:: WHAT IS REQUIRED ::
Set down the whole listing below exactly, without pictures.

:: INPUT DATA ::
- Opening Delimiter -
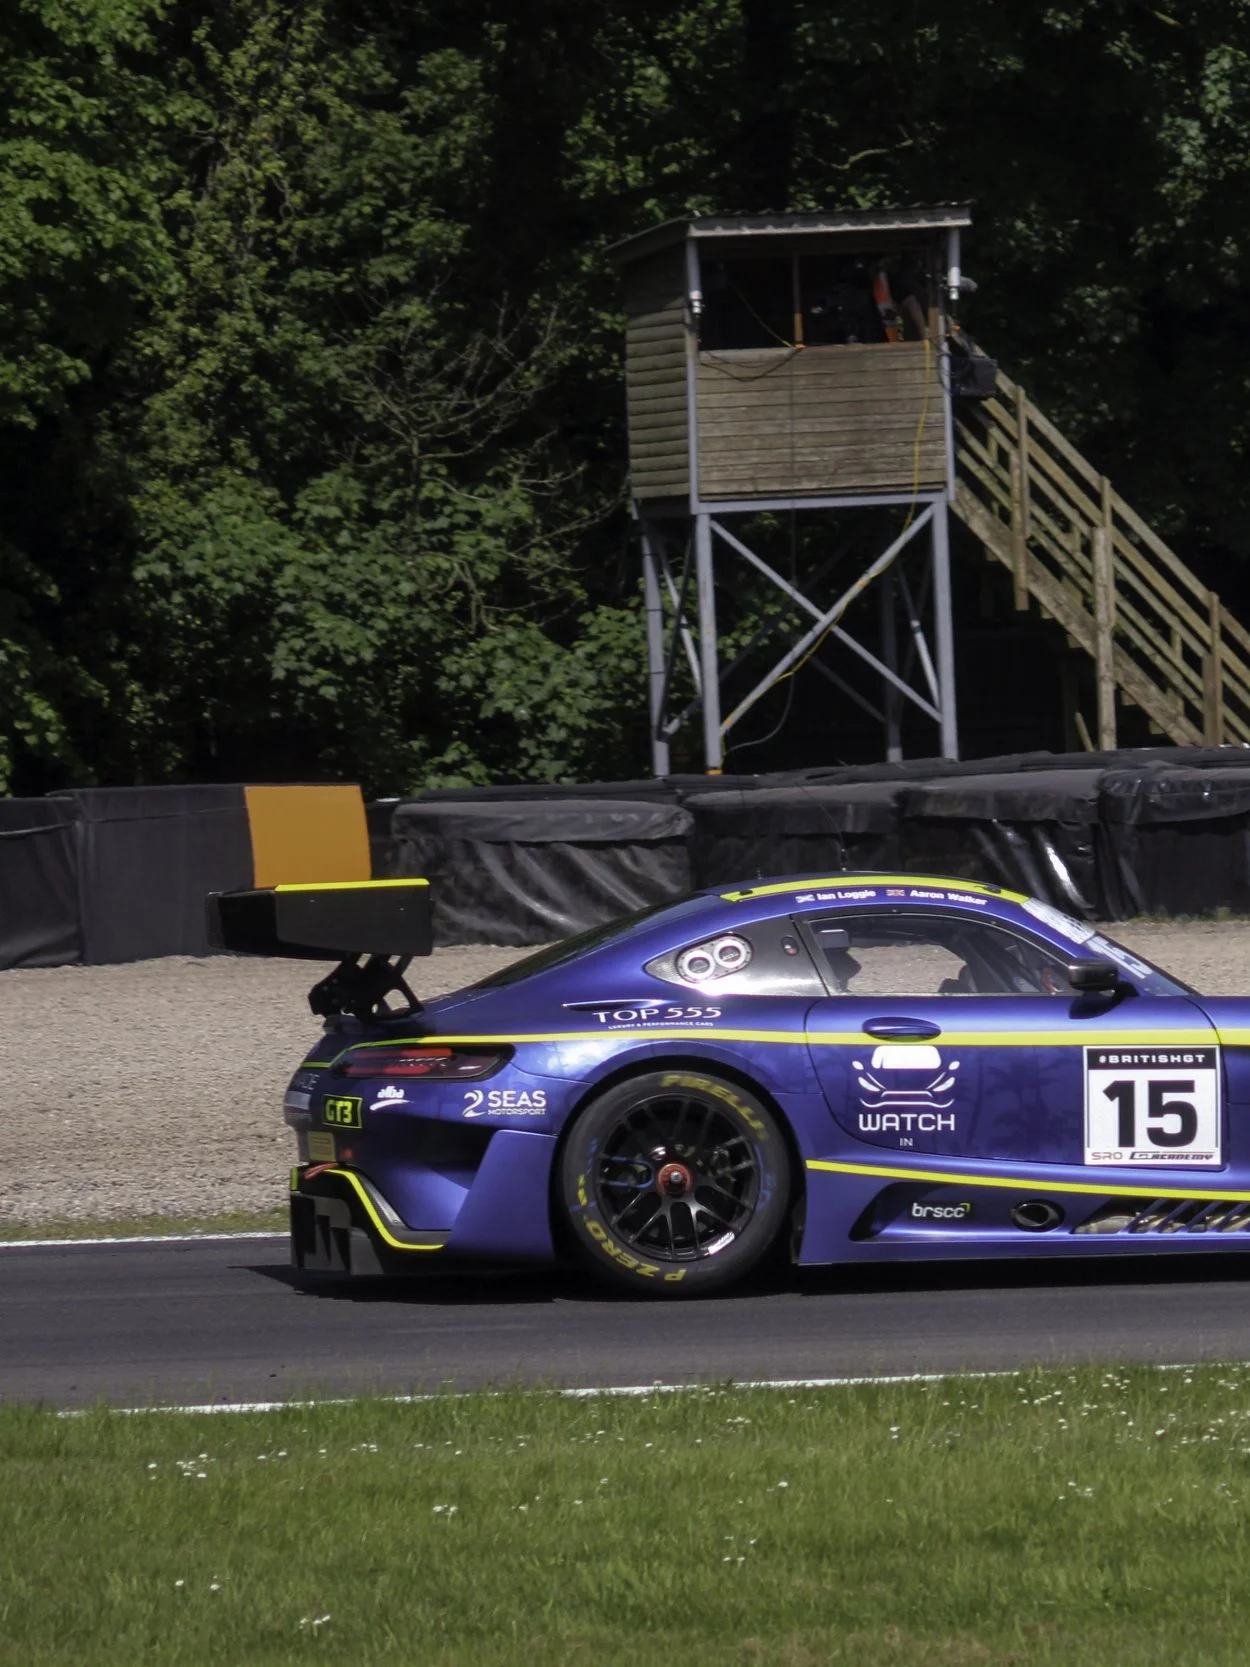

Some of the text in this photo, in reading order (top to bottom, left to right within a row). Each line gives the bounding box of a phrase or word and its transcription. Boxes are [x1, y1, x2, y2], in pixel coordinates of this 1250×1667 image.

[817, 889, 876, 900] Ian Loggie
[910, 890, 988, 905] Aaron Walker
[592, 1007, 722, 1022] TOP 555
[1099, 1054, 1206, 1063] #BRITISHGT
[488, 1090, 547, 1108] SEAS
[325, 1099, 353, 1124] GT3
[1102, 1080, 1198, 1148] 15
[858, 1113, 956, 1131] WATCH
[899, 1137, 914, 1147] IN
[1091, 1152, 1123, 1160] SRO
[911, 1203, 966, 1218] brscc
[586, 1221, 687, 1281] P ZERO
- Closing Delimiter -
:: RESULT OF THE TASK ::
Some of the text in this photo, in reading order (top to bottom, left to right within a row). Each line gives the bounding box of a phrase or word and its transcription. Boxes are [x1, y1, x2, y2], in pixel coordinates of this 1250×1667 image.

[817, 889, 876, 900] Ian Loggie
[910, 890, 988, 905] Aaron Walker
[592, 1007, 722, 1022] TOP 555
[1099, 1054, 1206, 1063] #BRITISHGT
[488, 1090, 547, 1108] SEAS
[325, 1099, 353, 1124] GT3
[1102, 1080, 1198, 1148] 15
[858, 1113, 956, 1131] WATCH
[899, 1137, 914, 1147] IN
[1091, 1152, 1123, 1160] SRO
[911, 1203, 966, 1218] brscc
[586, 1221, 687, 1281] P ZERO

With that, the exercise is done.